Innovation Perspectives - Assessing and Building Innovation Strengths

This is the fourth of several 'Innovation Perspectives' articles we will publish this week from multiple authors to get different perspectives on 'How should firms develop the organizational structure, culture, and incentives (e.g., for teams) to encourage successful innovation?'. Here is the next perspective in the series:

by Dan Keldsen

Innovation Perspectives - Assessing and Building Innovation StrengthsIn the absence of explicit top-level innovation support, how can you go from an "innovating army of one" (always useful, but frequently not sufficient), to building out innovation teams? And not just collections of people who want to innovate, but who are the best people for any particular challenge/problem that you are looking to overcome?


Heading: Right or Left? We Need Whole Brains on the Job

The old myth of "right-brain" vs "left-brain" continues to hurt us all in the business world. There has been an immense amount of research into the psychology, skills and strengths of innovators and creative problem solvers in the last 20 years, which is only beginning to get the attention it deserves.

Creativity in a business setting is not simply about having great product designers, marketers, and other so-called "creative people." If you do not also have creative technologists, salespeople, business development, managers, executives, etc., then you will never be able to create the full potential future of your organization, as there simply won't be enough energy, time, money and resources dedicated to the effort, unless you are incredibly lucky. Unfortunately, luck isn't a terribly reliable strategy.

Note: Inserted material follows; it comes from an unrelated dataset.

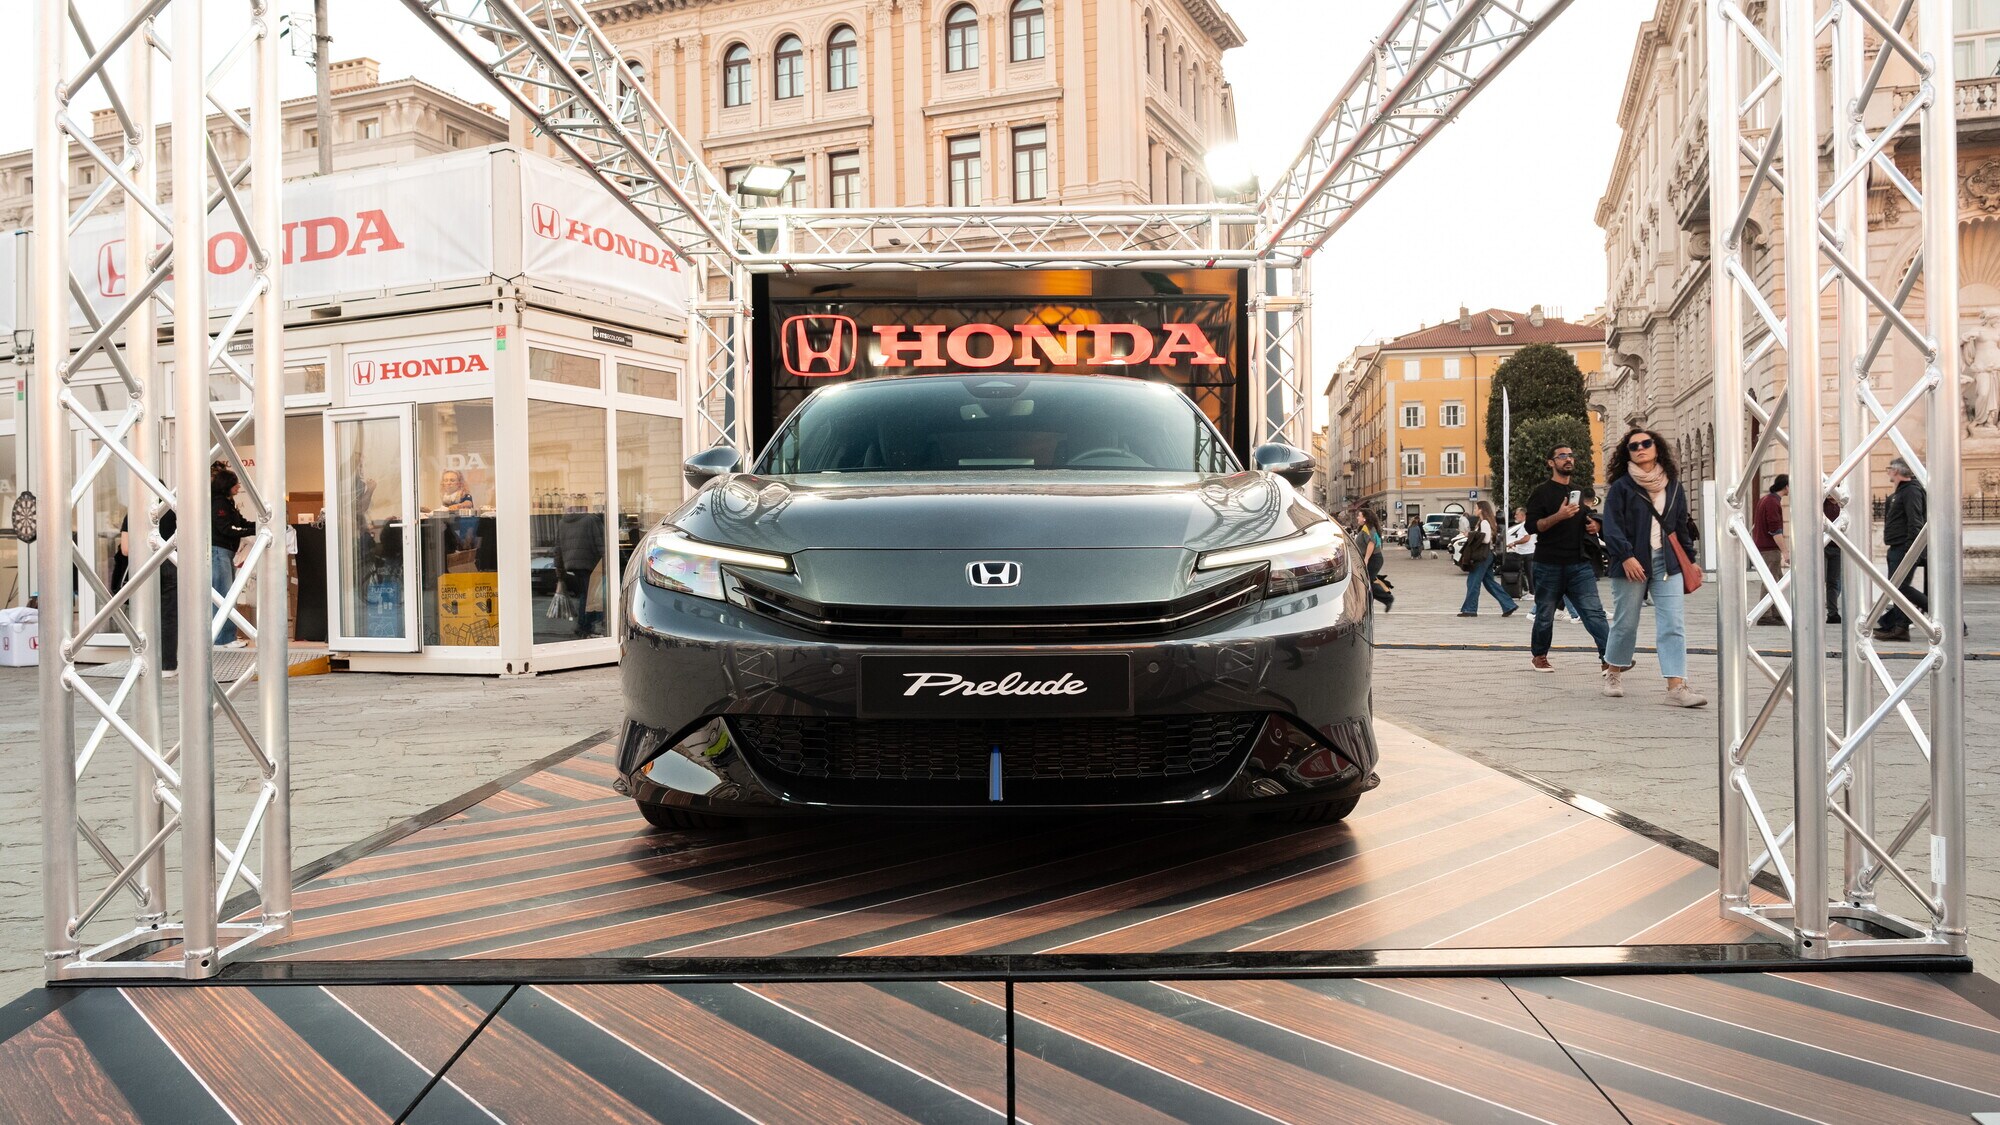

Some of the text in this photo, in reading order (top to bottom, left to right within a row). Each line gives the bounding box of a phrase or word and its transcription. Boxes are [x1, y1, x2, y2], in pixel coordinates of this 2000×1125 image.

While whatever made you successful in the past may have put you in a good position, perhaps even #1 in your industry, when sudden and massive changes strike, such as new competition, the rise of cloud computing and SaaS when your model is dependent on legacy and on-premise deployment, or economic upheaval - staying in a "left-brain" or operational and "stay the course" rut will (more than likely) result in a crippling of your business.

You may be able to recover, but then again, if innovation only happens in an emergency, will you have let the innovation muscles and skills of your people have atrophied to the point where you can't ramp up quickly enough to react?


Innovator, Know Thyself

Fortunately, there are many ways to head off this problem, and to jump-start innovation skills at the individual level, and then to expand up from there.

Just as you would assess the requirements for a new IT system to support the business, you can assess the individual skills and strengths of your own people to understand how to best take advantage of your personnel.

There are many assessment techniques in use, although many focus on specific business or technical skills. While those skills can be and frequently *are* important, my focus is on the core and broadly applicable creative problem solving and decision making skills and strengths that we all have.

Just as the problem isn't as black and white as left-brain vs. right-brain, it is not just that you are either an innovator or you are not.

VIEW assessment of innovation
We use an assessment called VIEW, which has now been used with over 20,000 people, to assess innovation across three continuums:
  1. Orientation to change - Your responses to or ways of dealing with novelty, structure, and authority (Explorer to Developer)

  2. Manner of processing - How you manage your energy and the energy of others during problem solving (External to Internal)

  3. Ways of deciding - When making decisions, do you turn first to considering people needs, relationships, and harmony, or on the specific task and the quality of the outcomes and results? (People to Task)

By assessing the individual skills and strengths of yourself and at least your immediate and "normal" team members, you can specifically create teams that have the strengths and skills that you NEED to solve a given problem, rather than whomever happens to be around, has tenure, the "expected" technical skills, etc..

Using such an assessment can quickly point out that the teams you've created in the past, while likely to have been made of smart people, had the opposite innovation skills and strengths for the problems you've tried to solve.

Asking an extreme "in the box" thinker to come up with the next new, radical idea, while it can happen, is unlikely.

Target team creation by stacking the deck with the best of the best for that problem and you increase successful outcomes dramatically, and scientifically, repeatably.

I'm not suggesting that having technical skills to execute on ideas is not necessary, but having the skills to build/develop comes after you have first uncovered what you should be building, and those skills do not always exist in the same person.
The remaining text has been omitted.